• Stored data entries:
########

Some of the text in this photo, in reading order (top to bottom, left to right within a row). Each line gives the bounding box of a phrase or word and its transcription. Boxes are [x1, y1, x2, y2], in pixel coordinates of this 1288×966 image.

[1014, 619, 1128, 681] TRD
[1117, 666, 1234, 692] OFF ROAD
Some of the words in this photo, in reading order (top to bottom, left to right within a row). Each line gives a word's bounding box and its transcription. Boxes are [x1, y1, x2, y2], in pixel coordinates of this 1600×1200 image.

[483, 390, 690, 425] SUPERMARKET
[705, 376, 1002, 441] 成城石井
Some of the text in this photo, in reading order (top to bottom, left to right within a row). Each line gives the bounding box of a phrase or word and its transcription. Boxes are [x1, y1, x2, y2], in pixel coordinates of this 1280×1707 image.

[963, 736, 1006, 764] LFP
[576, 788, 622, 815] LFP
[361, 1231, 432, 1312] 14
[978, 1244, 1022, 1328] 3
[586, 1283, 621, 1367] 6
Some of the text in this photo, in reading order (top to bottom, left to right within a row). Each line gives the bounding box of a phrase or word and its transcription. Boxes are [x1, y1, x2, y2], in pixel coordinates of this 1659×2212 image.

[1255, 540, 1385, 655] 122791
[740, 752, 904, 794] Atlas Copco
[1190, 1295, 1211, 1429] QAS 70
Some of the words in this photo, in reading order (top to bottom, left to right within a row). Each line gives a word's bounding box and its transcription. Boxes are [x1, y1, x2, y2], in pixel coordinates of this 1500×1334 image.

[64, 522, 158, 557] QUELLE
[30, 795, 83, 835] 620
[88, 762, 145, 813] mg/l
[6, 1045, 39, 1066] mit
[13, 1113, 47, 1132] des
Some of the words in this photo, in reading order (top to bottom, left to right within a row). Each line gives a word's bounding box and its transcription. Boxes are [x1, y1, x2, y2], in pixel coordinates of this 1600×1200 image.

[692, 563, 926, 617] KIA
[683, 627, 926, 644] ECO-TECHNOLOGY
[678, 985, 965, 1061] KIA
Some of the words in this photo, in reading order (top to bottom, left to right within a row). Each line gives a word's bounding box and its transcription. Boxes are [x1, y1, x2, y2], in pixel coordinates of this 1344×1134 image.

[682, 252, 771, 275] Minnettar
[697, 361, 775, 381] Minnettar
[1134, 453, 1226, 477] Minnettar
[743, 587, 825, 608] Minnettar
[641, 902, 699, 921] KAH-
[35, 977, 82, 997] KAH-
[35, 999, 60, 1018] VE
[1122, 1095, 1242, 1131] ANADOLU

########

• To do: Copy out every record again, letter for letter.

• Task response:
Some of the text in this photo, in reading order (top to bottom, left to right within a row). Each line gives the bounding box of a phrase or word and its transcription. Boxes are [x1, y1, x2, y2], in pixel coordinates of this 1288×966 image.

[1014, 619, 1128, 681] TRD
[1117, 666, 1234, 692] OFF ROAD
Some of the words in this photo, in reading order (top to bottom, left to right within a row). Each line gives a word's bounding box and its transcription. Boxes are [x1, y1, x2, y2], in pixel coordinates of this 1600×1200 image.

[483, 390, 690, 425] SUPERMARKET
[705, 376, 1002, 441] 成城石井
Some of the text in this photo, in reading order (top to bottom, left to right within a row). Each line gives the bounding box of a phrase or word and its transcription. Boxes are [x1, y1, x2, y2], in pixel coordinates of this 1280×1707 image.

[963, 736, 1006, 764] LFP
[576, 788, 622, 815] LFP
[361, 1231, 432, 1312] 14
[978, 1244, 1022, 1328] 3
[586, 1283, 621, 1367] 6
Some of the text in this photo, in reading order (top to bottom, left to right within a row). Each line gives the bounding box of a phrase or word and its transcription. Boxes are [x1, y1, x2, y2], in pixel coordinates of this 1659×2212 image.

[1255, 540, 1385, 655] 122791
[740, 752, 904, 794] Atlas Copco
[1190, 1295, 1211, 1429] QAS 70
Some of the words in this photo, in reading order (top to bottom, left to right within a row). Each line gives a word's bounding box and its transcription. Boxes are [x1, y1, x2, y2], in pixel coordinates of this 1500×1334 image.

[64, 522, 158, 557] QUELLE
[30, 795, 83, 835] 620
[88, 762, 145, 813] mg/l
[6, 1045, 39, 1066] mit
[13, 1113, 47, 1132] des
Some of the words in this photo, in reading order (top to bottom, left to right within a row). Each line gives a word's bounding box and its transcription. Boxes are [x1, y1, x2, y2], in pixel coordinates of this 1600×1200 image.

[692, 563, 926, 617] KIA
[683, 627, 926, 644] ECO-TECHNOLOGY
[678, 985, 965, 1061] KIA
Some of the words in this photo, in reading order (top to bottom, left to right within a row). Each line gives a word's bounding box and its transcription. Boxes are [x1, y1, x2, y2], in pixel coordinates of this 1344×1134 image.

[682, 252, 771, 275] Minnettar
[697, 361, 775, 381] Minnettar
[1134, 453, 1226, 477] Minnettar
[743, 587, 825, 608] Minnettar
[641, 902, 699, 921] KAH-
[35, 977, 82, 997] KAH-
[35, 999, 60, 1018] VE
[1122, 1095, 1242, 1131] ANADOLU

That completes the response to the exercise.